Les neurosciences et plus largement les sciences cognitives dont elles sont une branche ont le vent en poupe. Elles suscitent à juste titre par leurs découvertes l’enthousiasme bien au-delà du cercle restreint des experts. Nouvel horizon de nos connaissances des phénomènes psychiques, les neurosciences remplacent dans l’imaginaire collectif ce que furent le behaviorisme et la psychanalyse.
L’objet des sciences cognitives est la cognition ; autrement dit, l’étude des phénomènes concourant à la production de la pensée : attention, mémoire, prise de décision, perceptions, émotions…De nos jours, leur champ recouvre un vaste ensemble de spécialités : logique, mathématique, informatique, intelligence artificielle, biologie, neurologie, linguistique, psychologie, sociologie (Collins, Andler, Tallon-Baudry et autres, La cognition, 2018).
Historiquement, les sciences cognitives trouvent leur origine dans les conférences de Macy (1942-1953) et plus largement dans le mouvement cybernétique (J.P. Dupuy, Aux origines des sciences cognitives, 1994).

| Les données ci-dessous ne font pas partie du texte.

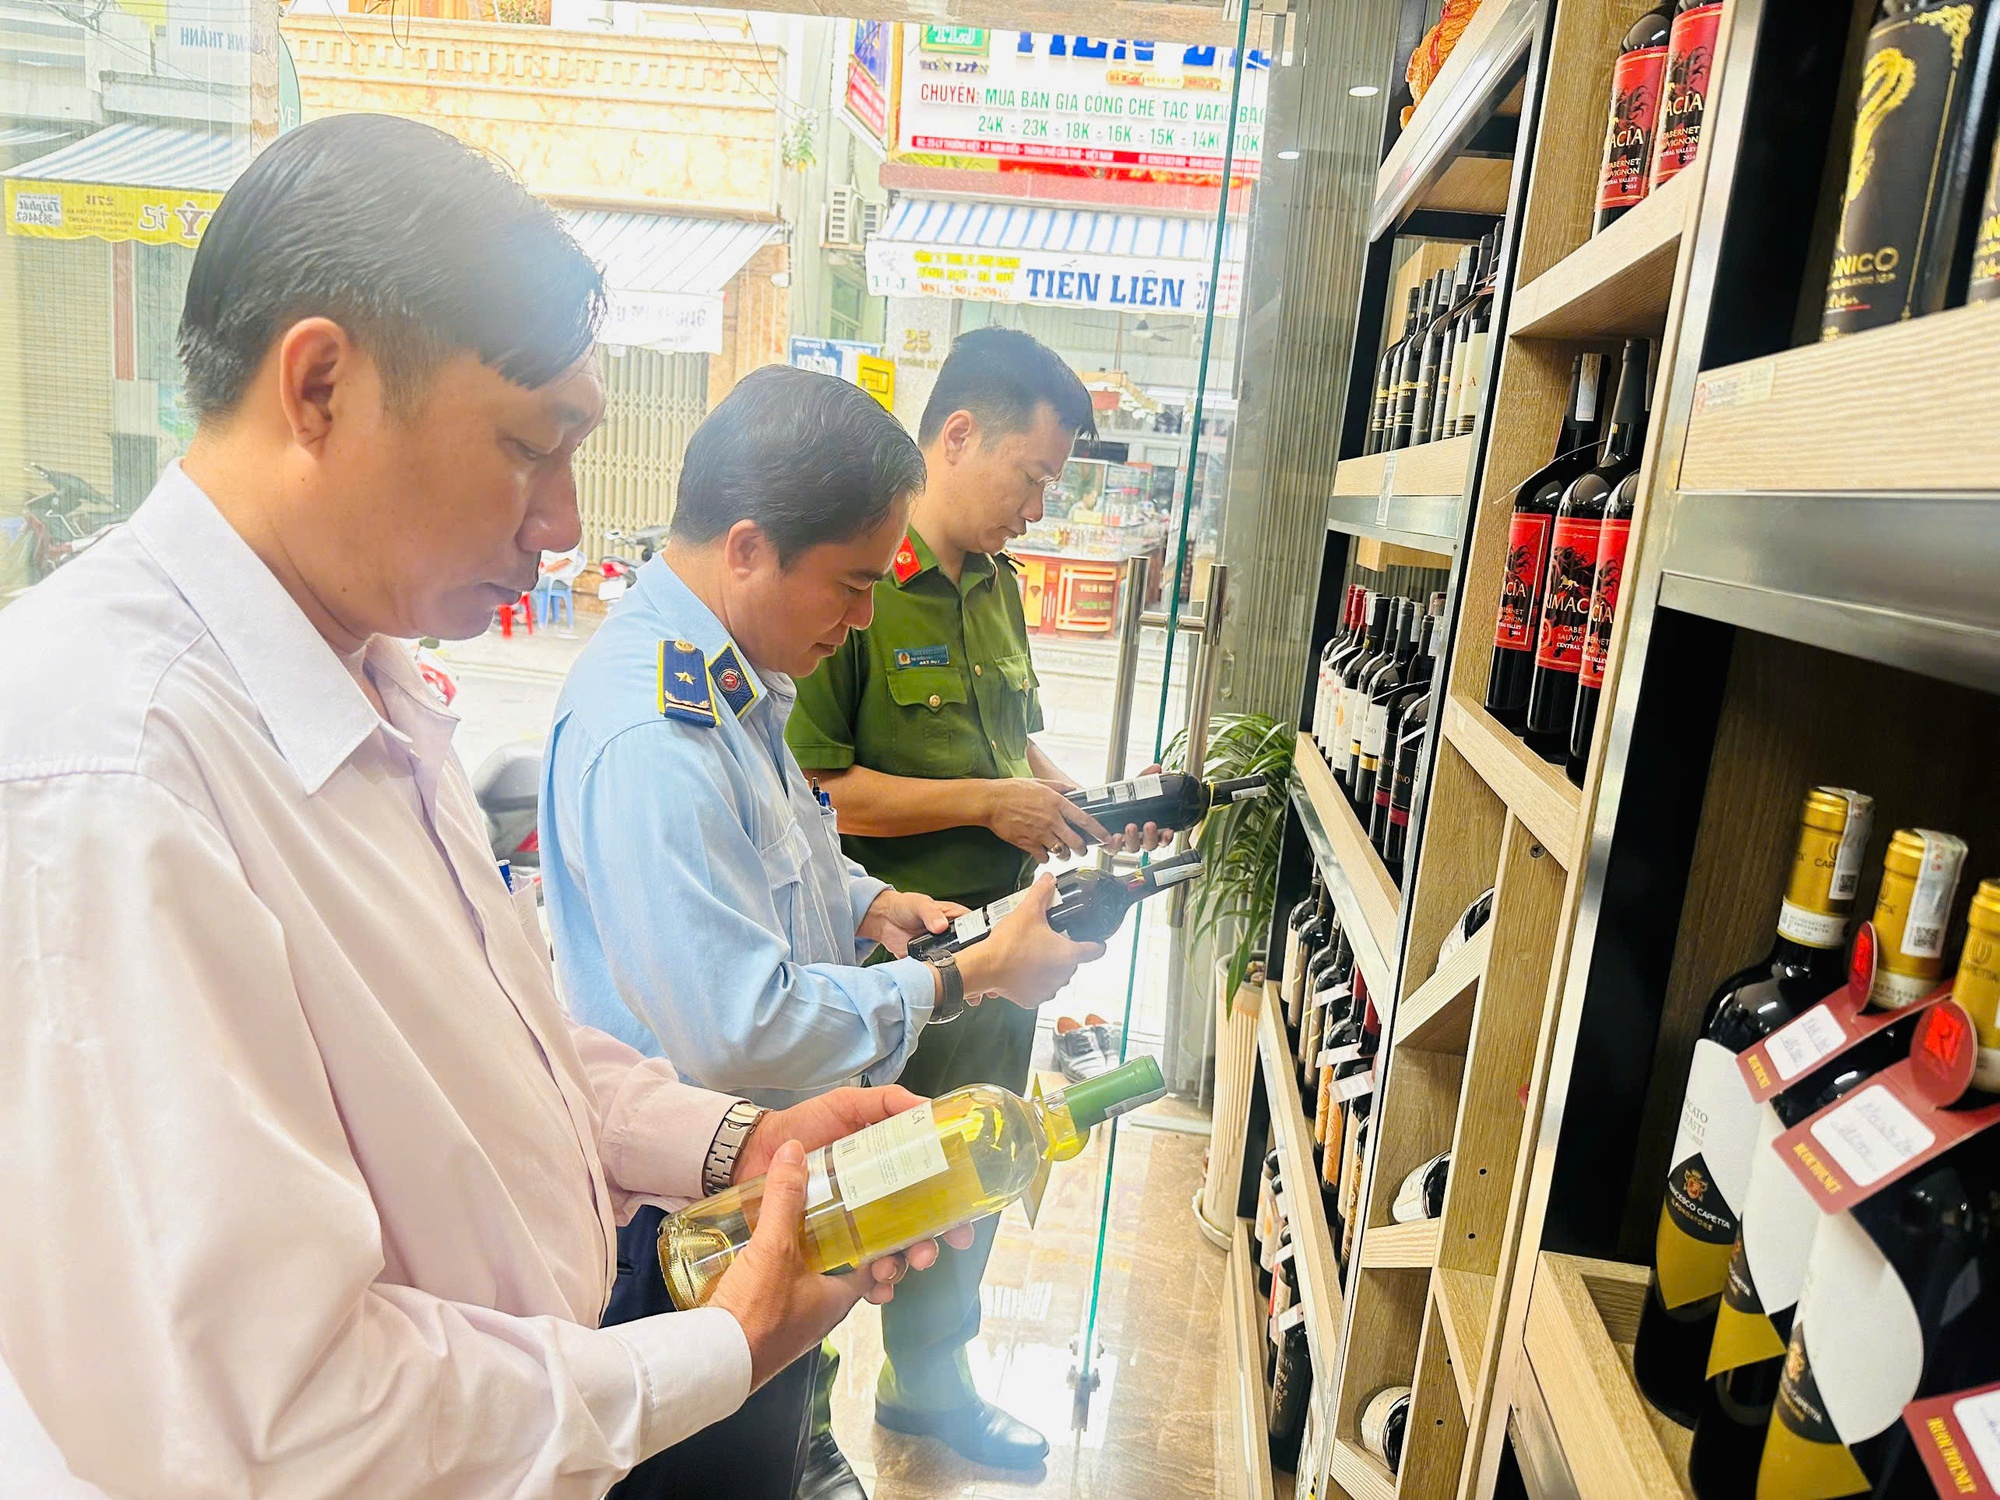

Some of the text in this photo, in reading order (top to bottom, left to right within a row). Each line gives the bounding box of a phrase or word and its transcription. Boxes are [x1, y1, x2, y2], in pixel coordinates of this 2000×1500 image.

[985, 88, 1015, 106] MUA
[1055, 93, 1078, 112] GIA
[978, 116, 1004, 134] 24K
[1022, 119, 1048, 137] 23K
[1066, 122, 1090, 139] 18K
[1108, 125, 1132, 142] 16K
[1151, 129, 1175, 146] 15K
[1236, 135, 1260, 152] 10K
[1026, 260, 1101, 301] TIẾN
[1109, 269, 1185, 308] LIÊN
[1556, 642, 1581, 651] CENTRAL
[1696, 1207, 1731, 1230] CAPETTA
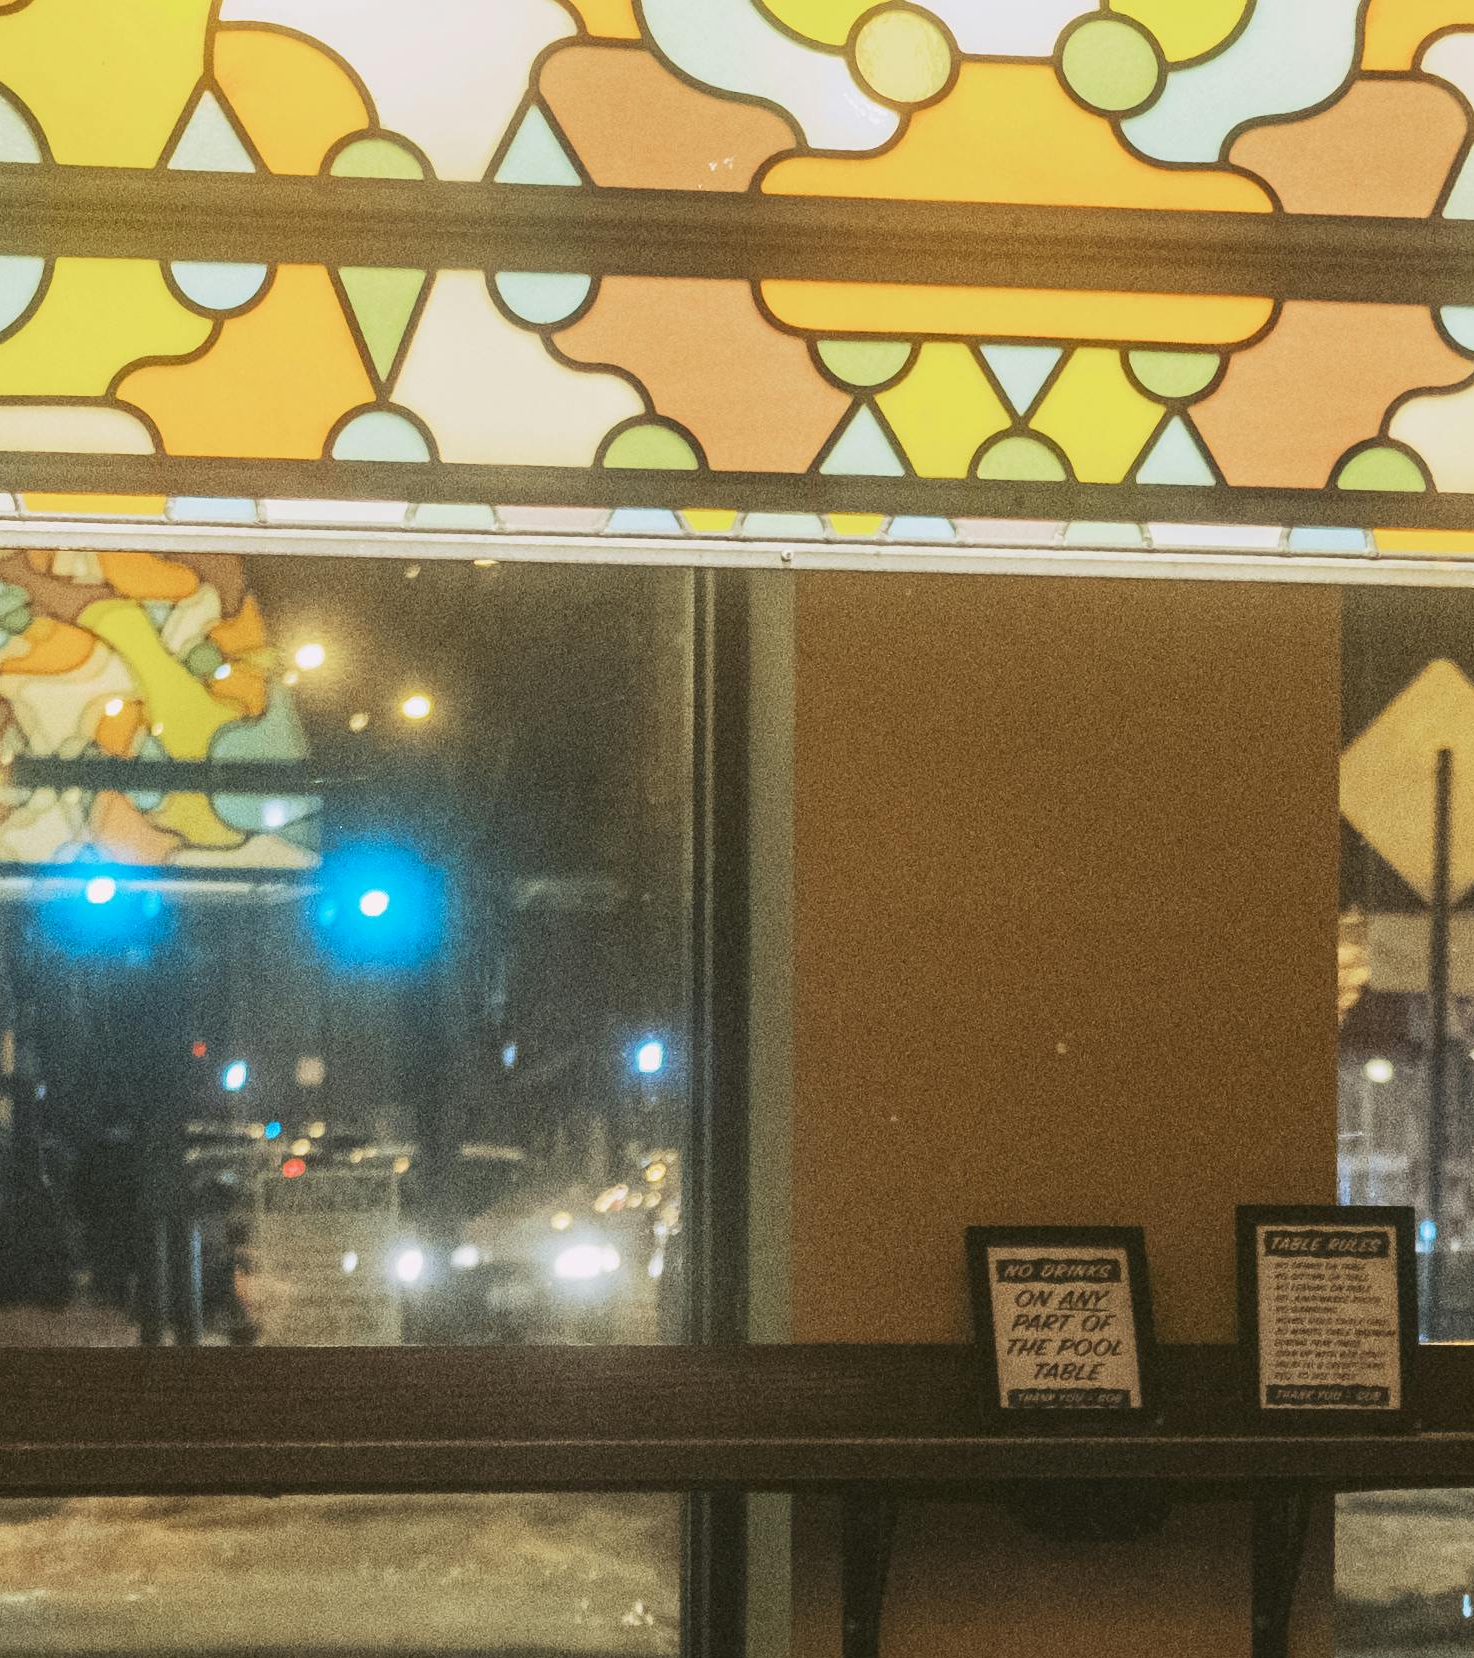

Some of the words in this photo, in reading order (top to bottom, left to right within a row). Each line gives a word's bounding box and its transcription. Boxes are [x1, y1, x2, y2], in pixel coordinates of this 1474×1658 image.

[1270, 1237, 1321, 1251] TABLE
[1327, 1237, 1382, 1252] RULES
[1004, 1264, 1033, 1278] NO
[1040, 1264, 1112, 1278] DRINKS
[1013, 1290, 1053, 1308] ON
[1057, 1290, 1110, 1311] ANY
[1011, 1314, 1075, 1332] PART
[1081, 1314, 1116, 1332] OF
[1005, 1338, 1052, 1356] THE
[1055, 1337, 1124, 1357] POOL
[1032, 1362, 1106, 1381] TABLE
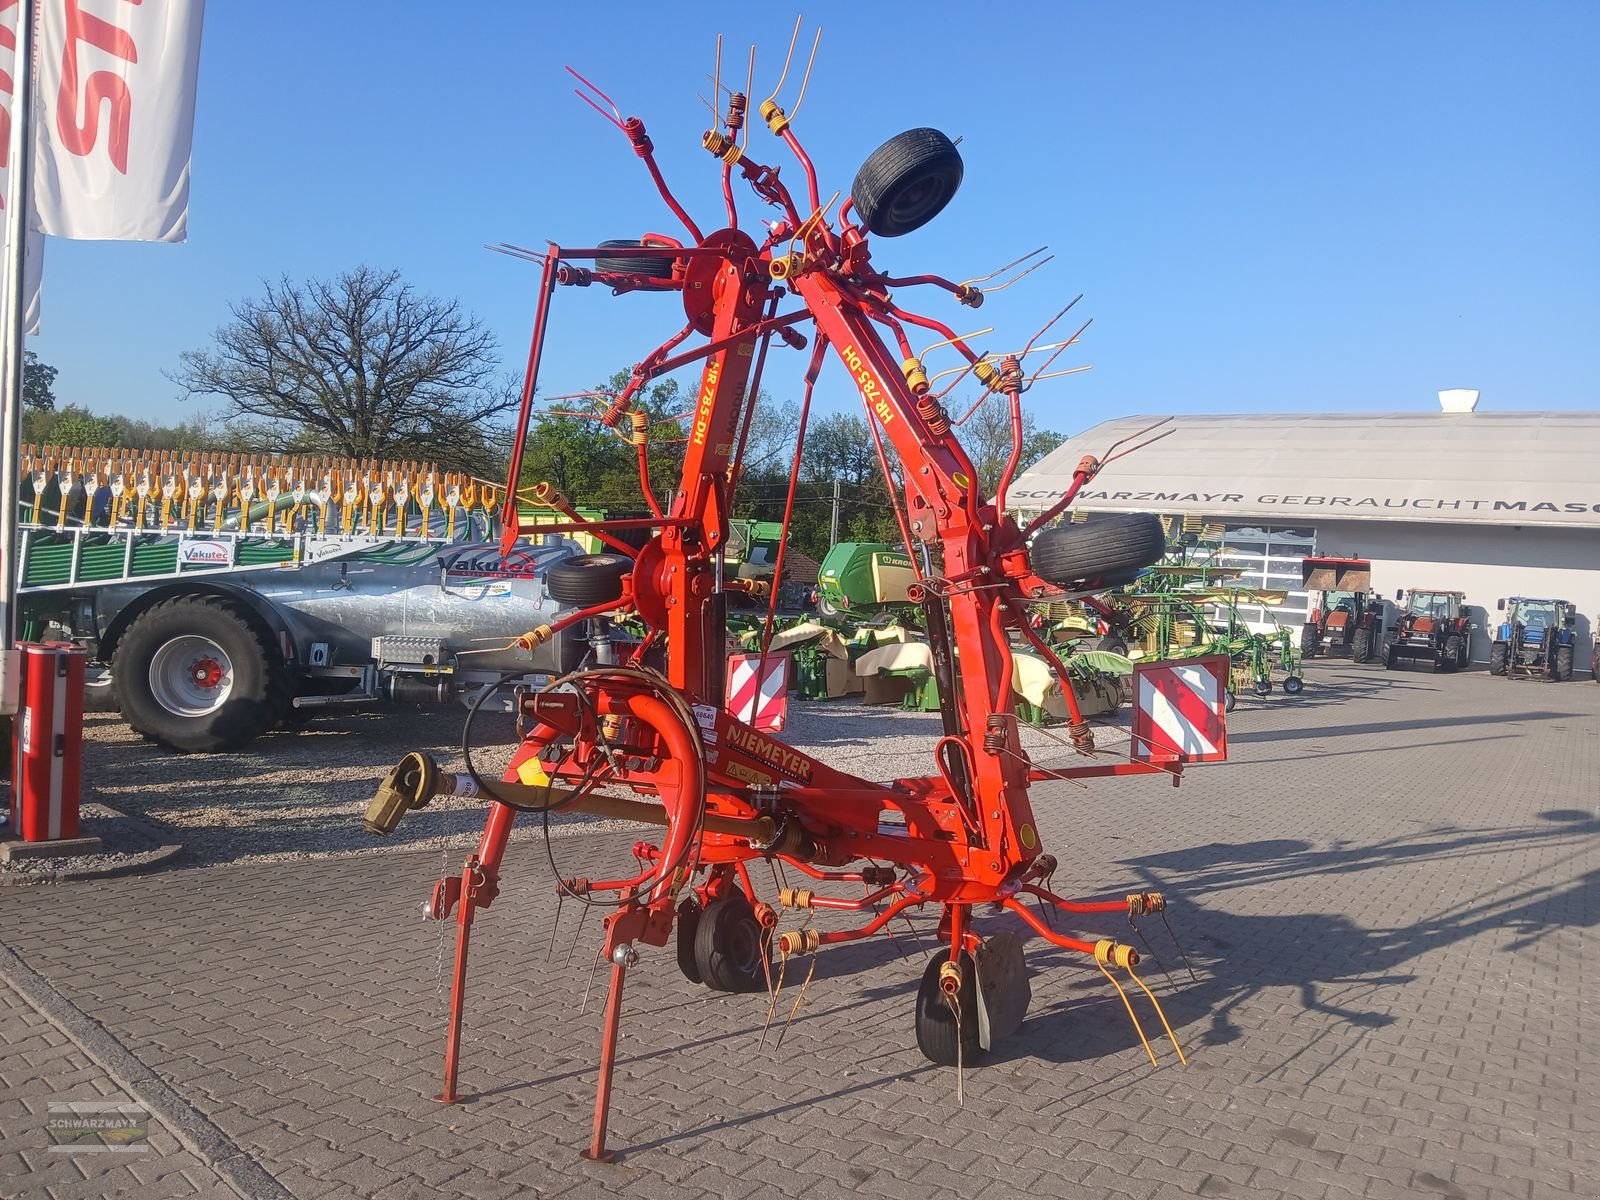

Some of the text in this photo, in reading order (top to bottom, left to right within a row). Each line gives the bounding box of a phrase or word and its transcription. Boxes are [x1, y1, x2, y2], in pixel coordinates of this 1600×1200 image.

Dans l’après-guerre, toute une génération de scientifiques, stimulée par l’essor de l’informatique naissante, cherche à mettre en évidence un parallélisme entre le traitement de l’information réalisé par l’ordinateur et le fonctionnement du cerveau humain (J. von Neuman, L’ordinateur et le cerveau, 1956). Turing considéré comme le père de l’informatique, estime que les machines dites intelligentes pensent ; que seules des considérations psychologiques nous empêcheraient de l’admettre (Thuring, Computing Machinery and Intelligence, 1950).
Plus que jamais, le rêve de Leibniz, que la pensée soit un calcul, est devenu d’actualité (Gottfried Leibniz, Dissertatio de arte combinatoria, 1666).
Selon ces scientifiques, la logique formelle et les mathématiques seraient en capacité de rendre compte du phénomène de la pensée et de nos comportements. C’est le sens philosophique profond de la cybernétique créée par Wiener, pour qui pensée et action sont pratiquement indiscernables (Wiener, The Human Use of Human Beings, 1950). Cet enthousiasme naïf s’étend alors à toutes sortes de disciplines des sciences humaines. Il engage certains dans d’illusoires pratiques thérapeutiques de la schizophrénie par le truchement de Bateson et de l’Ecole de Palo-Alto (Gregory Bateson, Vers une écologie de l’esprit, 1972).
Durant la seconde moitié des années 1950, deux courants concurrents au sein des sciences cognitives voient le jour : l’intelligence artificielle (1955), dont les créateurs ont l’espoir de lui faire dépasser l’intelligence humaine, voire refonder la psychologie en la décrivant à l’aide de programmes informatiques (Simon & Newell, General Problem Solver,1957) et une psychologie cognitive qui, en opposition au béhaviorisme alors dominant, s’attache à objectiver les opérations mentales mobilisées dans la résolution de problèmes (Jerome, A Study of Thinking 1956).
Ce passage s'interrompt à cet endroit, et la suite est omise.